An article published almost a week earlier in another Georgia newspaper provided more details of the criminal acts:

Augusta Chronicle
20 April 1878, pg. 1 [Viewable online at GenealogyBank]


A Woman's Life Taken by a Virginia Mob, Who Now is Proved Guiltless.

RICHMOND, VA., April 16. – The barbarous lynching of an unfortunate colored woman named Charlotte Harris, who was accused of being the instigator of a barn burning, had a fitting sequel today in the acquittal of the boy Jim Ergenbright, who was imprisoned at the time for setting fire to the barn.  The poor woman was pursued, captured, brought before a magistrate and committed for trial.  That night a party of ruffians, with blackened faces, rushed into the room in which the woman was confined, took her from the guard, and after dragging her about a mile hung her in a most horrible manner to a black jack sappling [sic].  Her body remained suspended from this tree from the 6th of March until noon on the 9th, when it was finally cut down and interred.  The Governor issued a proclamation for the arrest of the murderers, but owing to the existing secrecy maintained by the lynchers and public sympathy for them none of them have been arrested.  It is now fully established in the acquittal of the boy Jim Ergenbright, who was accused of burning the barn and of being instigated by Charlotte Harris, that the woman was equally guiltless.

From NY Public LibraryA simple search on Google will give you the statistics. The Tuskegee Institute kept track of lynchings in America from 1882 - 1968. There were 581 in Mississippi, 531 in Georgia, 493 in Texas, 391 in Louisiana, 347 in Alabama, and so on. Total from all states: 4,743. That's more than one lynching and victim a week.

I feel a little like I should try to explain why I would give the horrible acts – those committed by the criminal, as well as those committed on the criminal – voice on this blog. There are no (at least to my knowledge) statistics showing the accuracy of the lynchers. How many times was an innocent person hung, riddled with bullets, and mutilated in the name of "justice?" I mean, we probably agree there are innocent people sitting in jail right now – with supposed checks and balances in place. Imagine when there were none. Shouldn't those innocent people be remembered?

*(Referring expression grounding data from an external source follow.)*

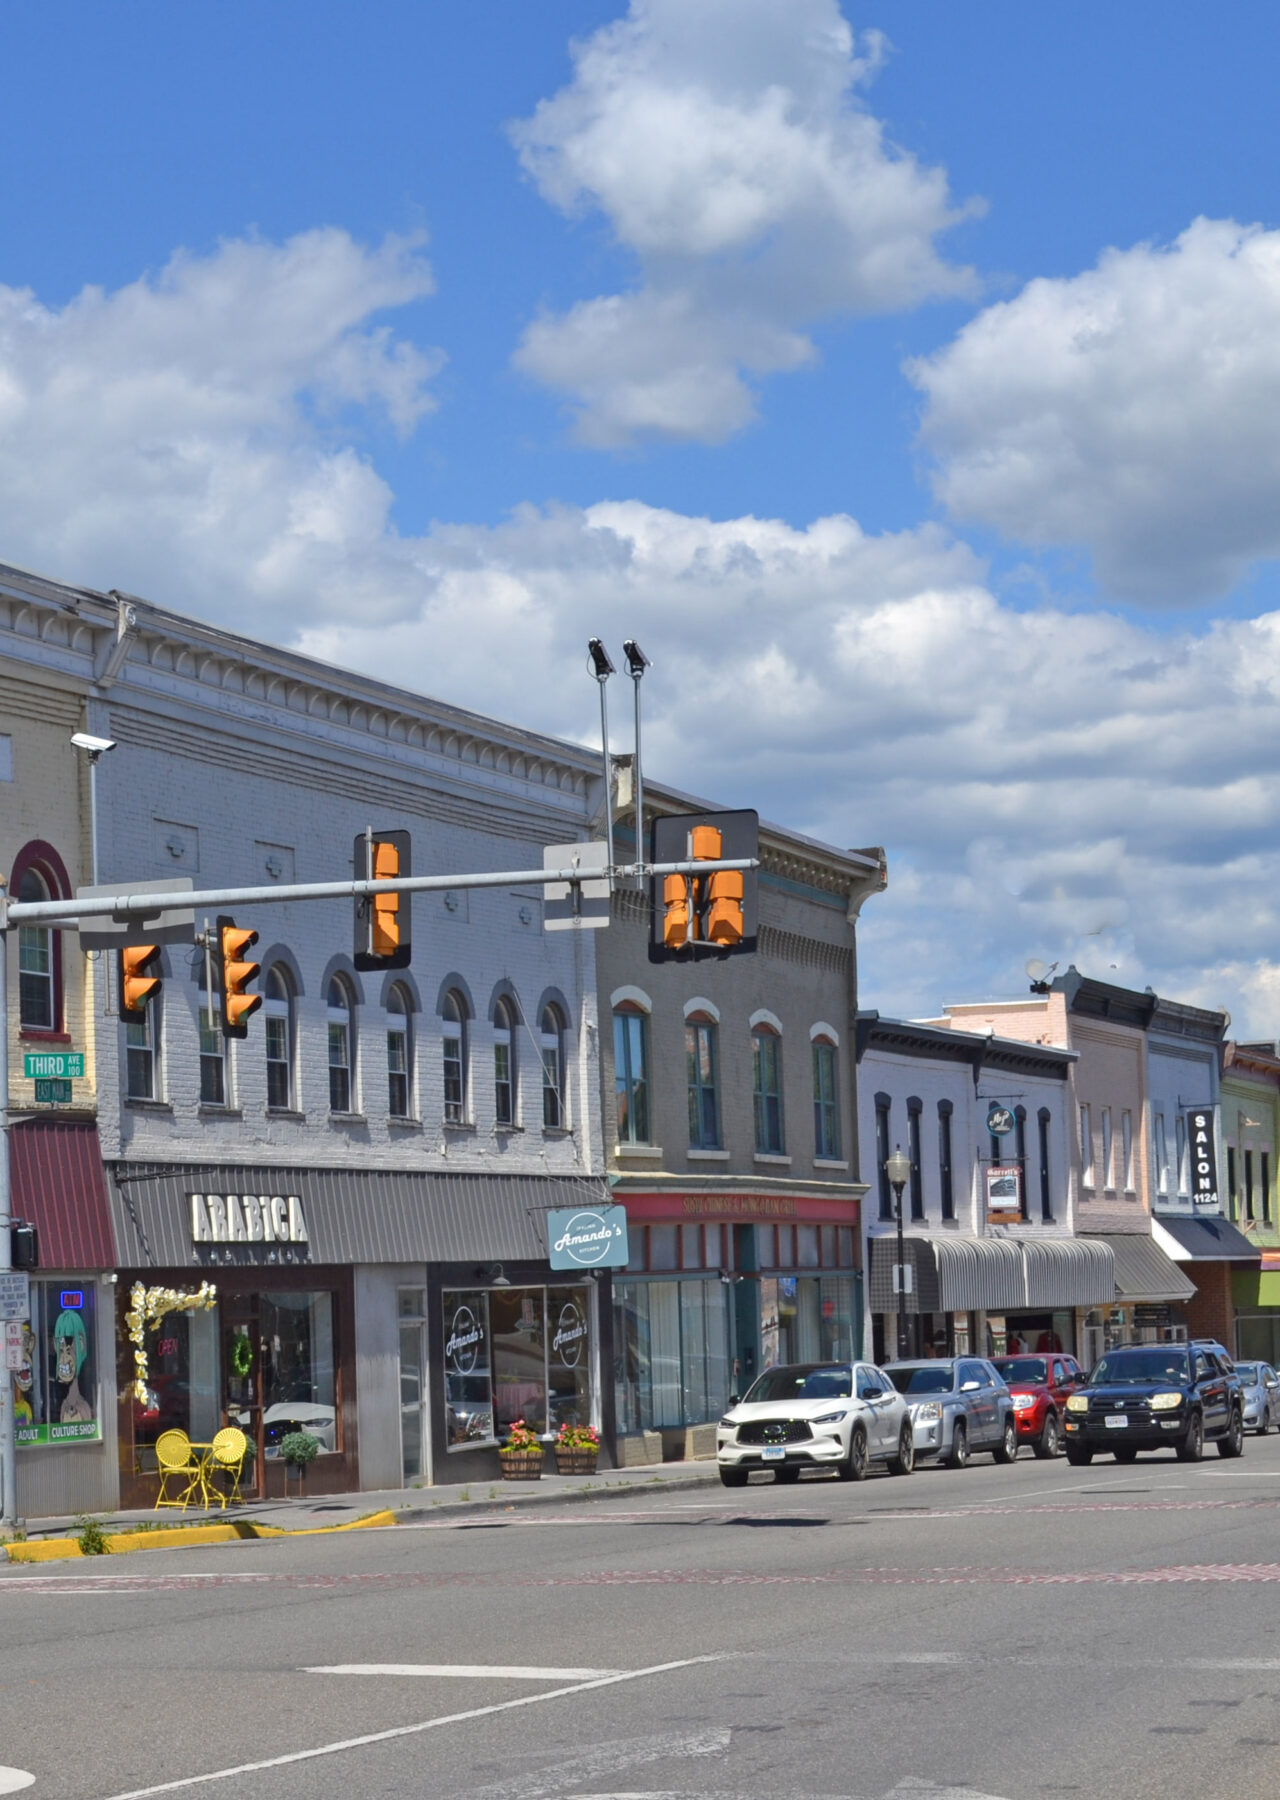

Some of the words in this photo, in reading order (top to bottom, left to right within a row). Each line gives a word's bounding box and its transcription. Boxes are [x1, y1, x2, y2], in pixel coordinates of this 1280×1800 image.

[28, 1056, 64, 1075] THIRD
[67, 1055, 80, 1065] AVE
[68, 1066, 80, 1076] 100
[37, 1081, 50, 1099] EAST
[1194, 1114, 1211, 1190] SALON
[1193, 1192, 1218, 1204] 1124
[192, 1194, 308, 1242] ARABICA
[554, 1224, 622, 1252] Amando's
[446, 1321, 484, 1357] Amando's
[553, 1319, 588, 1351] Amando's
[158, 1338, 179, 1357] OPEN
[18, 1429, 38, 1441] ADULT
[51, 1426, 79, 1438] CULTURE
[80, 1424, 96, 1436] SHOP
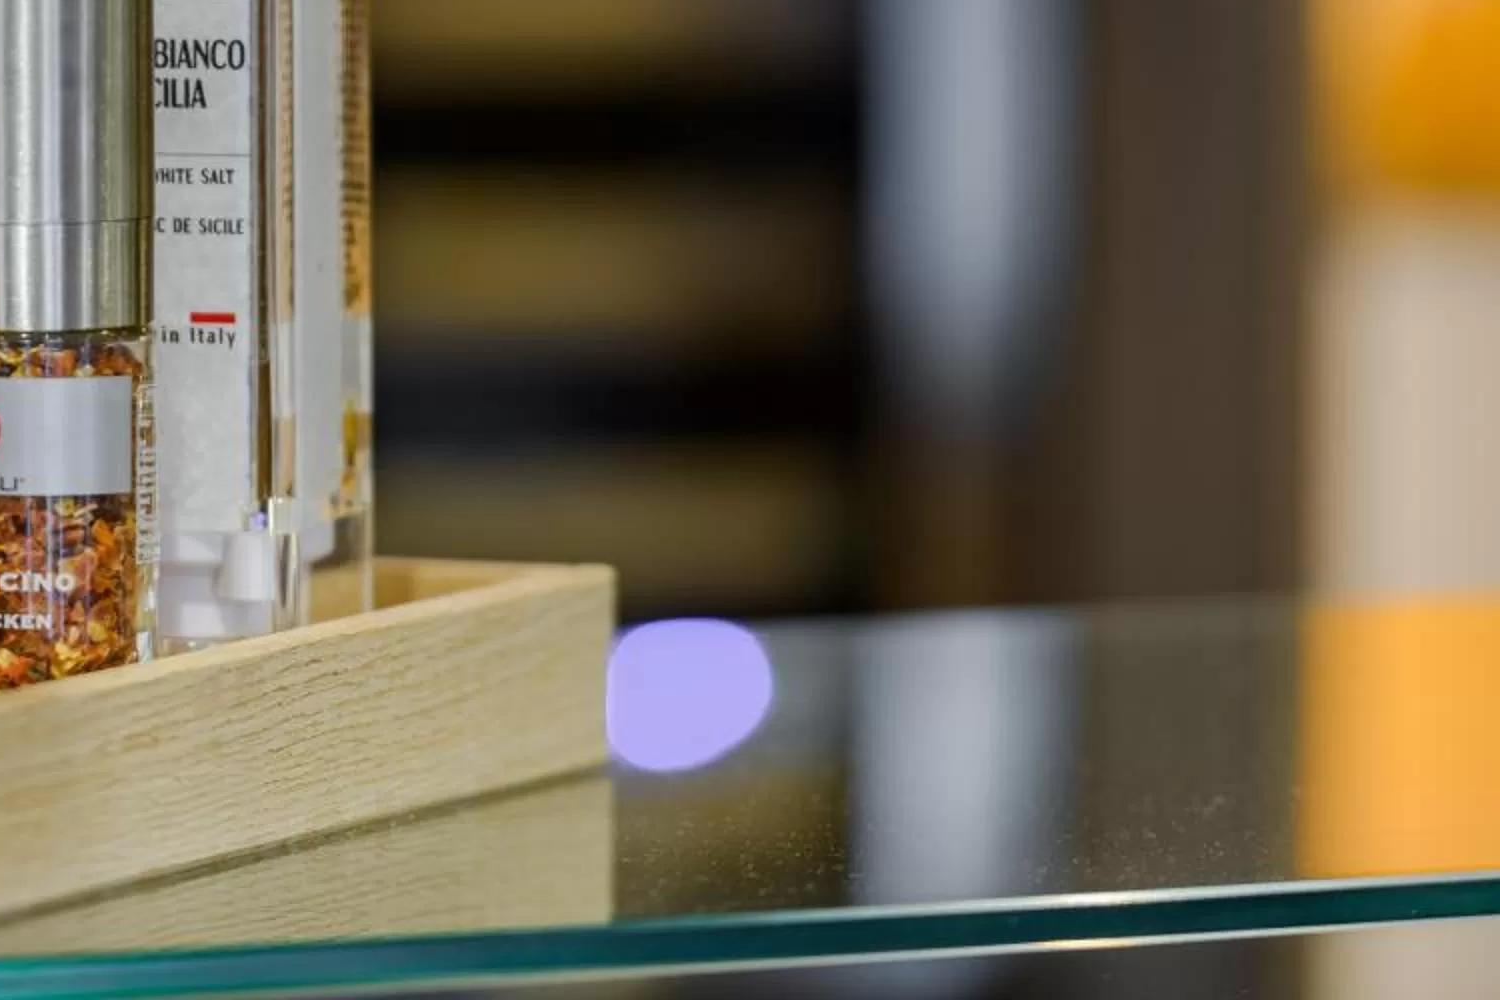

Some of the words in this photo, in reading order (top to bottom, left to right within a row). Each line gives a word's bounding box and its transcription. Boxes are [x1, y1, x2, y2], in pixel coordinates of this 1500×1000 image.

Now, make no mistake, sometimes the lynching party "punished" the right person. As in, sometimes the true perpetrator was indeed apprehended – and then disposed of, often in a barbaric fashion. Even if you take the literal "eye for an eye" death penalty approach, I would not be surprised if that would have been an applicable punishment in only an infinitesimal number of cases. People were lynched for stealing, people were lynched for "insubordination," people were lynched for literally being in the wrong place at the wrong time. And let us not be cowards and leave out the racism debacle that lingers to this day. So another reason for giving voice to these past atrocities is in the same vein of "Those who cannot remember the past are condemned to repeat it."

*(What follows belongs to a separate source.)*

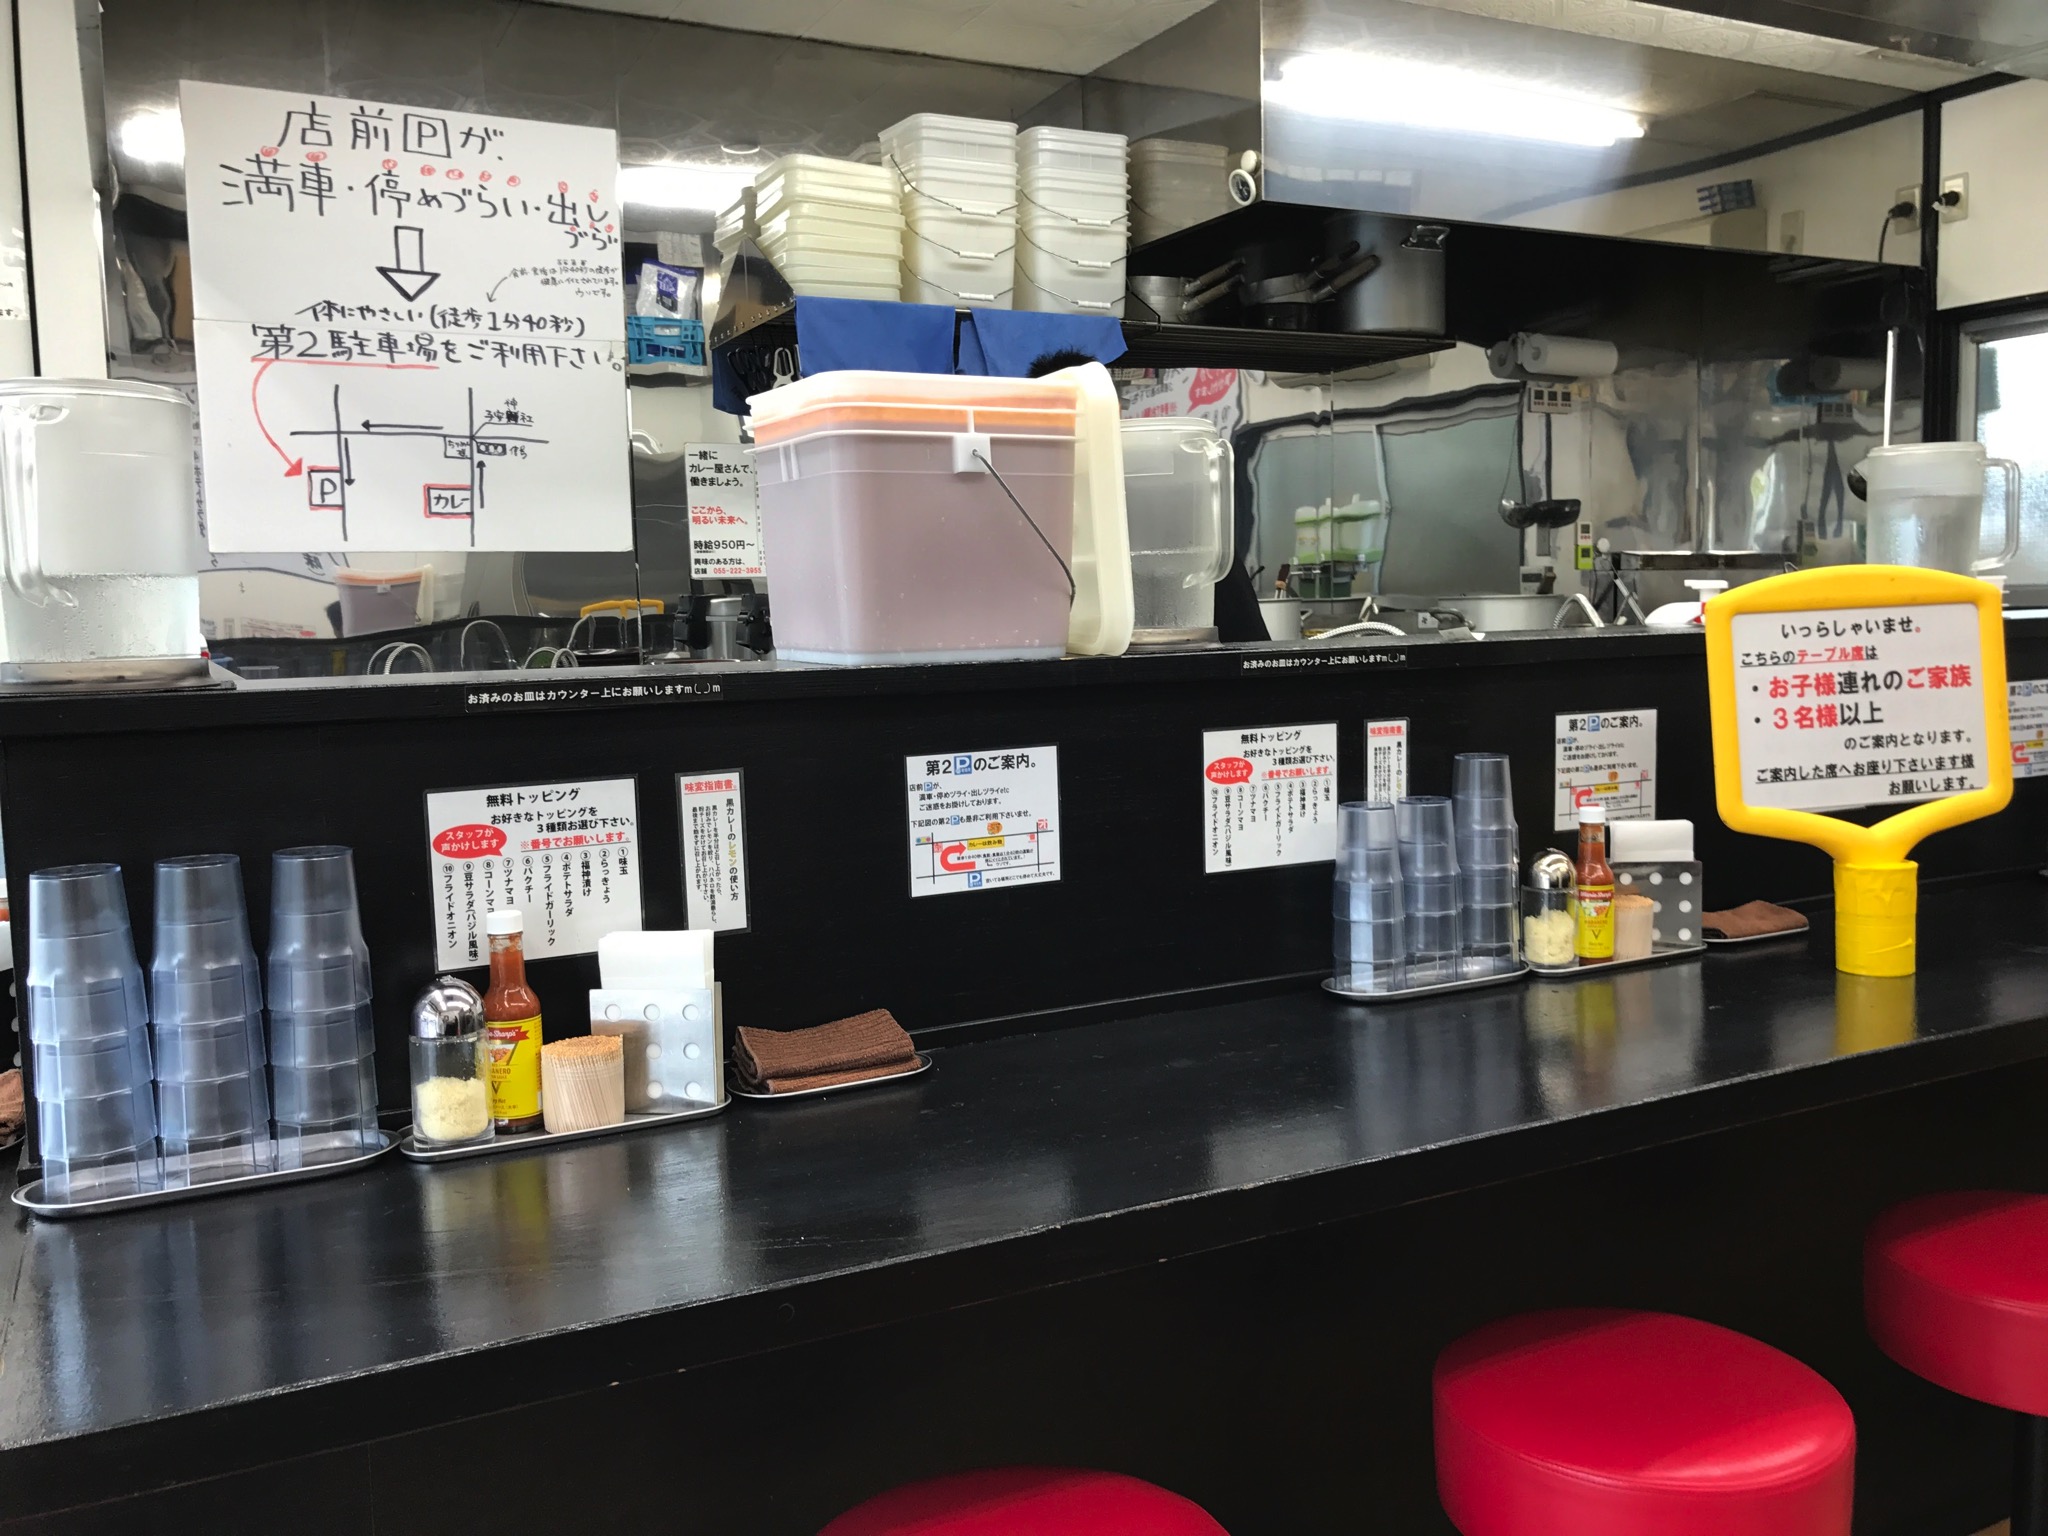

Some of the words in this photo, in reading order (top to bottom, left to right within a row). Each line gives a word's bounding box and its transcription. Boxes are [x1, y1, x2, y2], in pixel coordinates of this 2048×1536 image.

As a family historian, I am saddened to think (1) these revolting deeds took place, and (2) while statistics are easy to find, the names and stories of the individual victims are much harder to locate. A list of lynching victims will unfortunately never be complete. I hope that in a small way, posts such as these will serve as a memorial to those who were victims of Judge Lynch and his frightful law.